Vegan Jordan - A Foodie Guide

Vegan Jordan: A Foodie Guide

The traditional foods of the Levant region are a perfect match for a vegan diet. Jordan is no exception and is a wonderful destination for any foodie, including vegan ones.

Historically, food from this part of the Middle East was very light on meat and other animal products, with legumes, rice, fruit, vegetables, olive oil, and bread making up the bulk of what people ate.

As society became wealthier, animal products began to appear in more and more foods.

By sticking to the basics of Middle Eastern cuisine, though, you can follow a very healthy and varied vegan diet. Even though a lot of Jordanian dishes today can be meat-heavy, there are also plenty of options for vegans traveling to Jordan.

Of course, veganism is still a new concept to many Jordanians, but it’s something more and more people are coming to understand.

So, since the majority of the cuisine here is inherently vegan, there is plenty on offer. And the best part? It’s all flavorful and delicious!

In this post, I will show you how following a vegan diet while travelling in Jordan is not only possible but also satisfying, fun and tasty.

Vegan Breakfast in Jordan

Taboon Bread in Jordan

Taboon bread paired with ful makes a great vegan breakfast in Jordan

Traditional breakfasts in Jordan are hearty and substantial affairs. Like in many places, these breakfasts evolved during the time when most people still worked the land and needed the right kind of fuel to keep them going.

For many Jordanians, breakfast consists of a selection of protein-rich dishes. One of the most popular dishes is ful - a warm dish of fava beans, garlic, lemon juice, olive oil and chili (with many variations on this theme depending on personal preferences).

Ful is often paired with delicious taboon bread, which is made by baking dough over hot stones. This is what gives the bread its signature bumpy look and exquisite taste. This dish will definitely keep you feeling satisfied until lunchtime.

Other options for breakfast will very often include hummus, falafel, olives, pickles, fruit, baked breads with olive oil and za’atar. Za’atar is a very popular herb mixture that is often eaten on bread with olive oil.

A popular place to eat these foods is at one of the branches of Abu Jbara, a restaurant that serves one of the very best breakfasts in the capital.

Another very popular place is Hashem restaurant in downtown Amman. This one has been around forever and is a favorite of many locals.   are all commonly found on the dinner table, both in Jordanian homes and at restaurants. 

Vegan Lunch in Jordan

Hummus - a staple vegan food in Jordan

Hummus, a worldwide vegan favorite, is a staple in Jordan.

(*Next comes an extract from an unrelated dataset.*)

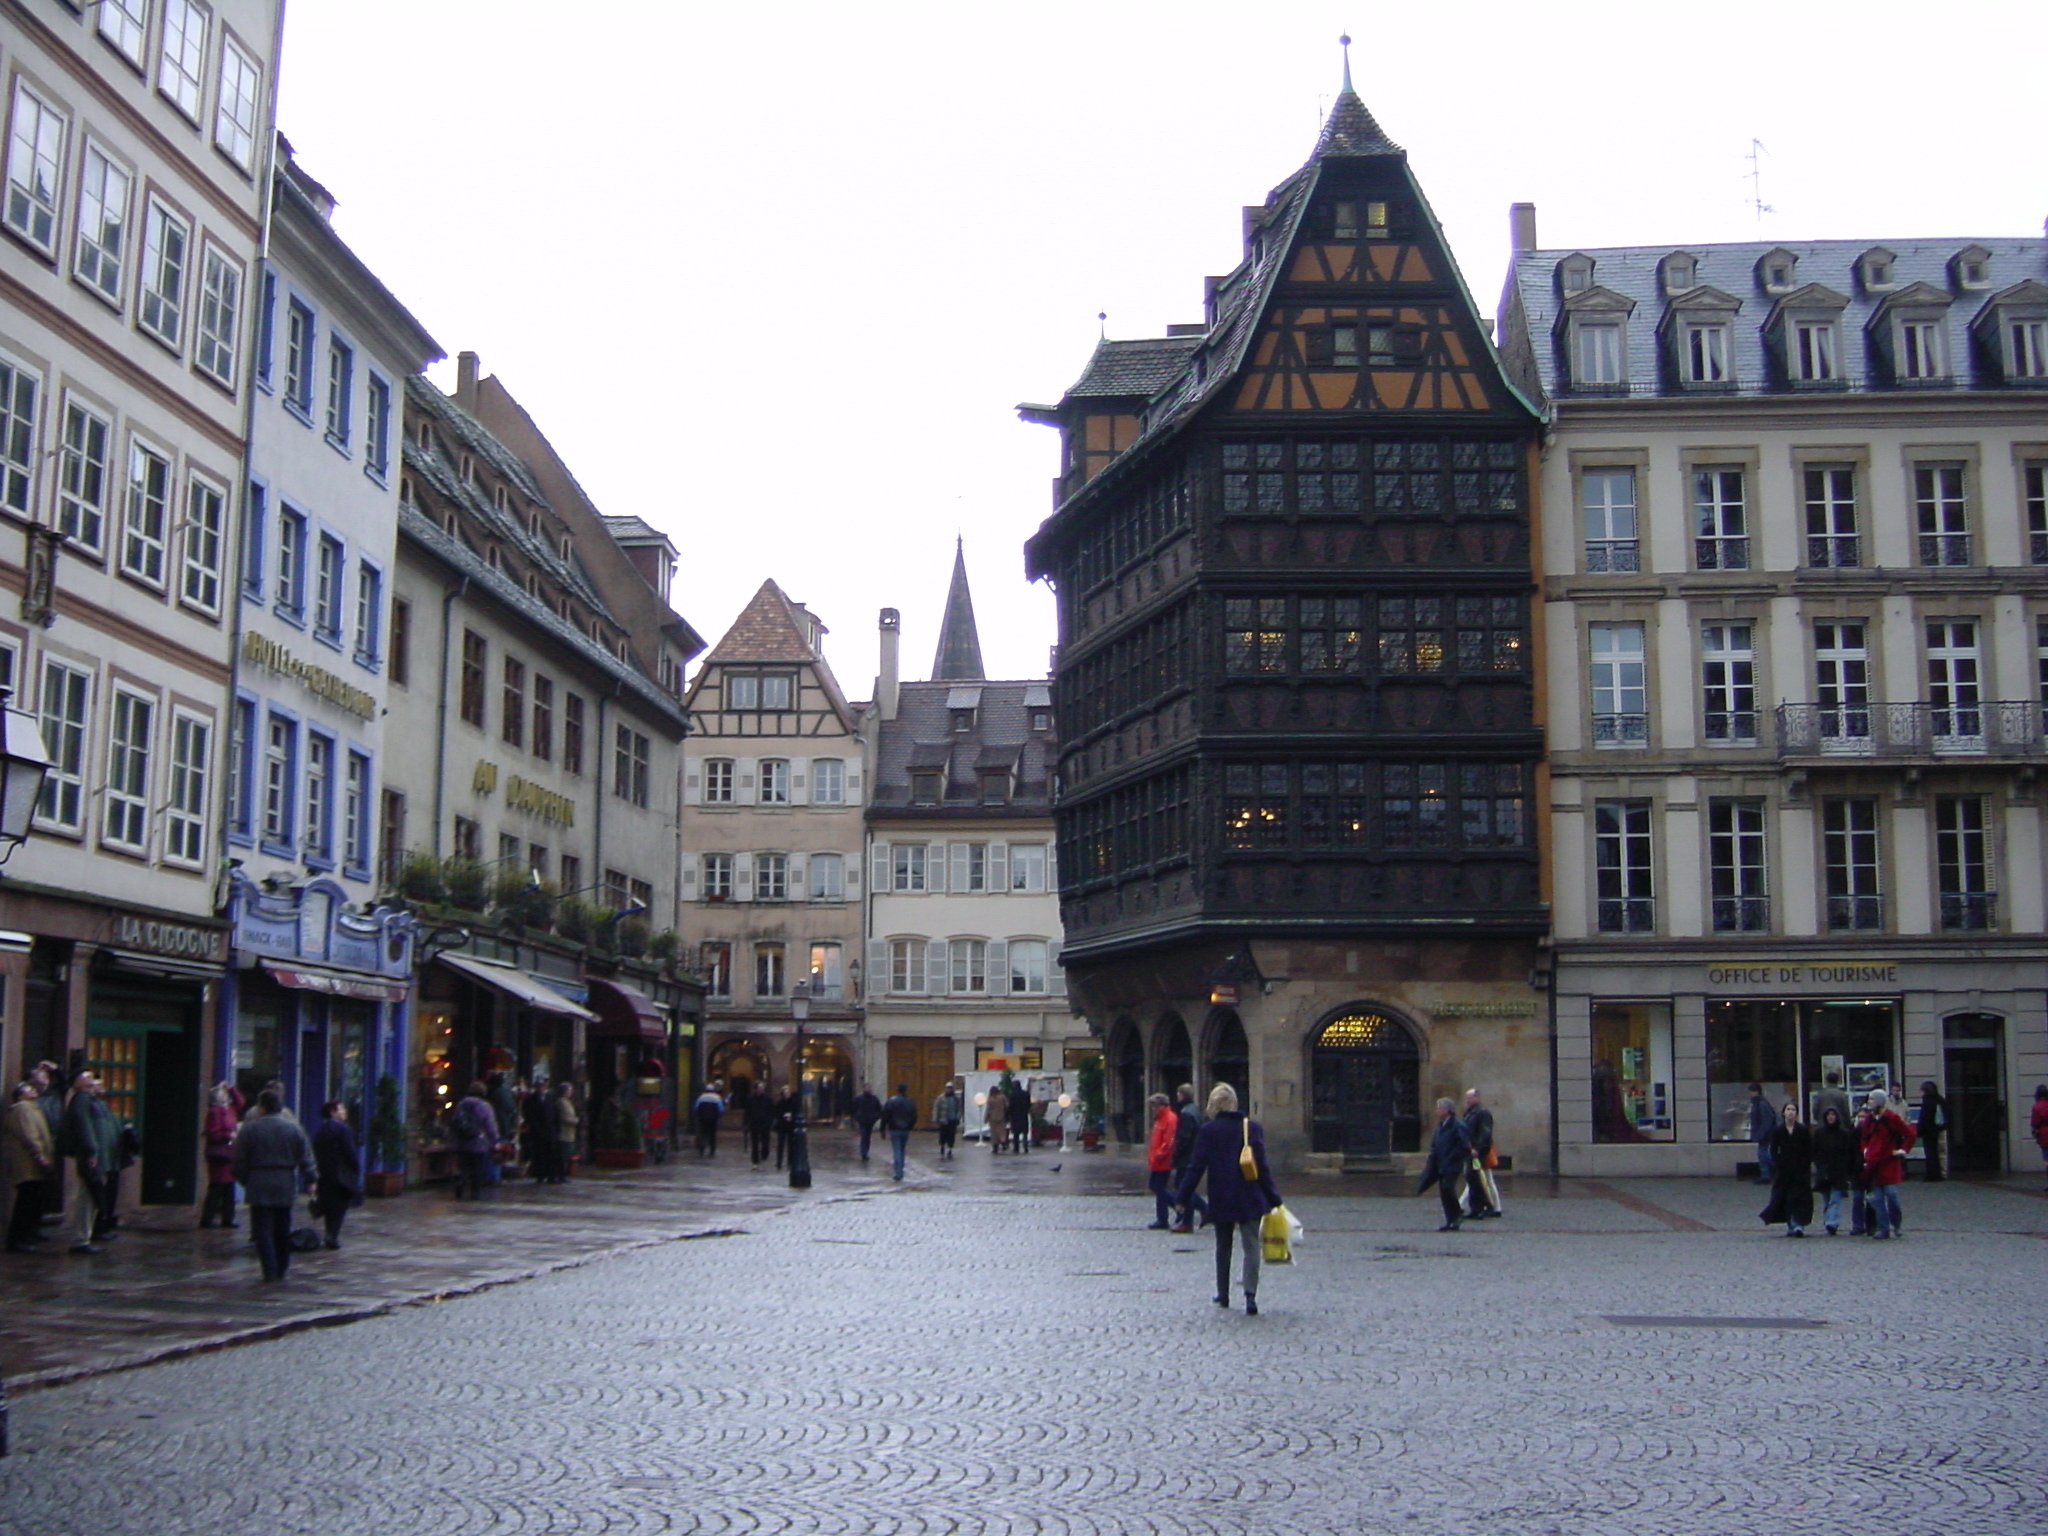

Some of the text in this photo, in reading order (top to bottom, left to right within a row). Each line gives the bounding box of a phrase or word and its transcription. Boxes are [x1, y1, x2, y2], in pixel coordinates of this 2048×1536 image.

[122, 916, 140, 943] LA
[1709, 966, 1898, 984] OFFICE DE TOURISME

There are so many vegan friendly dishes when it comes to the main meal of the day in this part of the world. Often the simplicity of the dishes is what makes them so tasty.

One of my favorites is as simple as split lentils cooked with cumin and made into either a soup or something more like dahl and served over rice. Another great dish is bamia, which is baby okra cooked in tomato and olive oil.

And so many salads, such as tabbouleh, fattoush, or a simple salad of tomato, cucumber and onion with olive oil and lemon juice, are found in local restaurants.

If you’re on the go, a tasty lunch option is a falafel sandwich like the ones they make at a takeout place called Jerusalem on Rainbow Street. Many Jordanians swear that this is the best falafel in Jordan.

I can concur, and I encourage anyone who comes to town to try it for themselves. In fact, the king of Jordan is often spotted there with his kids as they collect falafel sandwiches to go. Whether eaten in a palace or on the sidewalk outside the restaurant, these are truly glorious sandwiches.

Other foods include mujadara, a dish of rice and whole lentils with fried onions and salad. Or there’s koshary, a meal of rice, lentils, and macaroni.

Desert scenery at Wadi Rum Jordan

The gorgeous desert scenery at Wadi Rum in Jordan

Baba ghanouj, a dish of baked eggplant mixed with tomatoes, garlic, peppers, and tahini, is a very popular food for lunch. Hummus is also a popular lunchtime food, and pita bread stuffed with lettuce, tomatoes and pickles and topped with hummus is a delight to eat.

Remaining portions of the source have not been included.